A limited outline of philosophical methods and history. Being a partial summary from Philosophy’s Second Revolution by D.S. Clarke
Clarke divides philosophy into three eras. Classical, Cartesian, and Linguistic.
- The classical Greek philosophy used rational intuition, “a direct apprehension of the basic structure of things,” to understand the world and do philosophy. Rational thought was a direct source of evidence for physics, metaphysics, ethics, etc. The goal was a rational cosmology that explained the world and everything in it.
- Introspection. Descartes and his descendants use intuition to understand the world, especially mental concepts. A division between internal and external worlds was reinforced, dualism rises. The natural sciences get the laws of the natural world, philosophy gets the laws of the mind.
- Linguistic turn.

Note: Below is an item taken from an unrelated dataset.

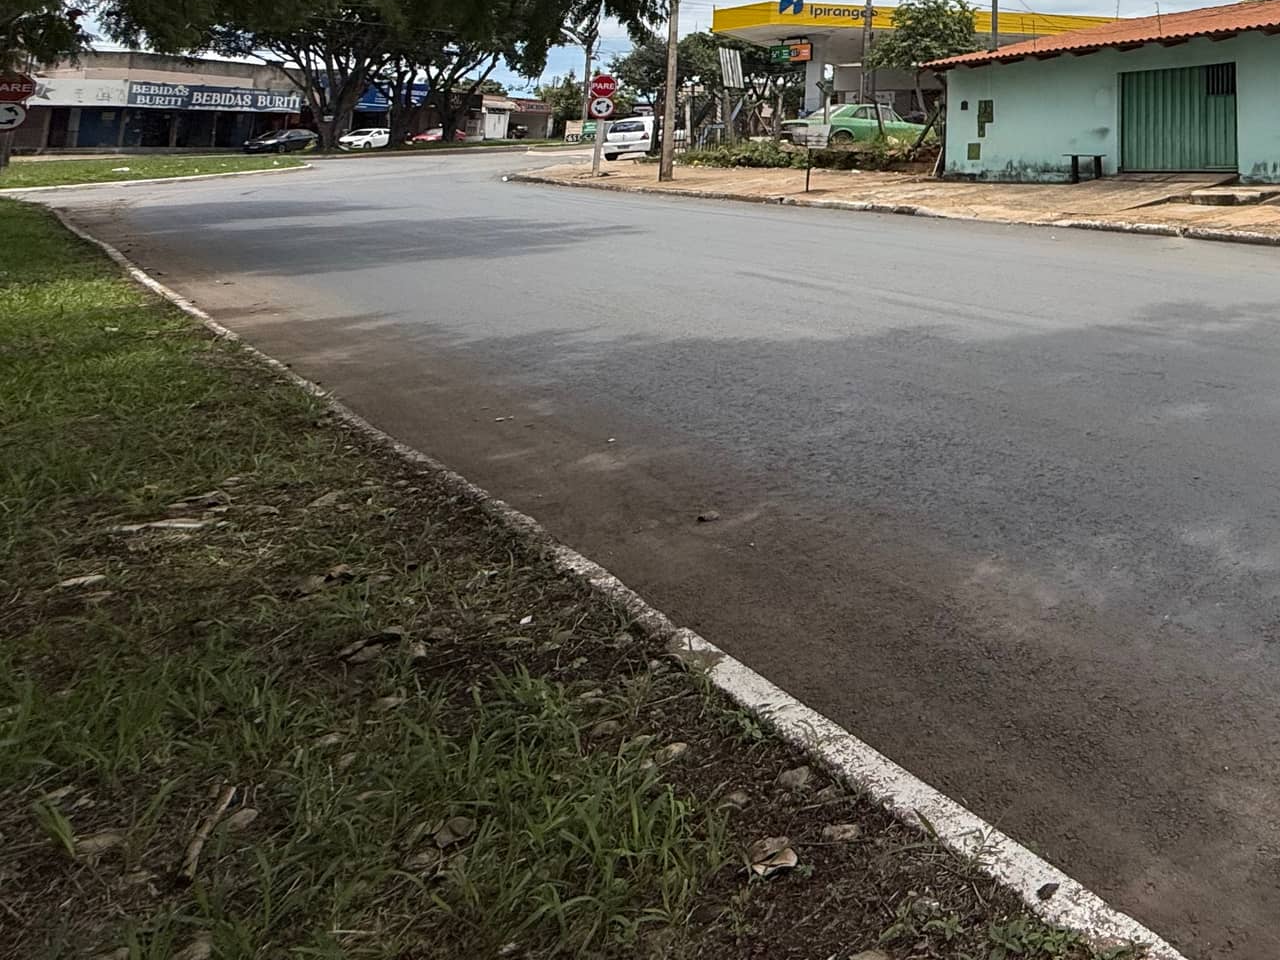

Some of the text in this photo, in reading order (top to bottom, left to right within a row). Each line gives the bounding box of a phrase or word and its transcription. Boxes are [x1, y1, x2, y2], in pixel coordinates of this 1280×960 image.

[0, 83, 33, 92] ARE
[131, 84, 190, 97] BEBIDAS
[592, 82, 615, 90] PARE
[191, 91, 300, 109] BEBIDAS BURITI

Pierce rejects intuition and focuses on signs - “The only thought, then, which can possibly cognized is thought in signs.” Philosophy becomes the investigation of language. Frege, Russell, Wittgenstein, and others continue this thread through to today.
This is as far as Clarke takes his historical survey.
I’d add some possible new methods/explanations.
- Experimental philosophy, building off of the experimental economics tradition.
- Social construction. For example definitions of art a la Dickie, Danto, and Eaton.
- Complexity. There are hints of this in Hofstadter and Holland, especially for cognition.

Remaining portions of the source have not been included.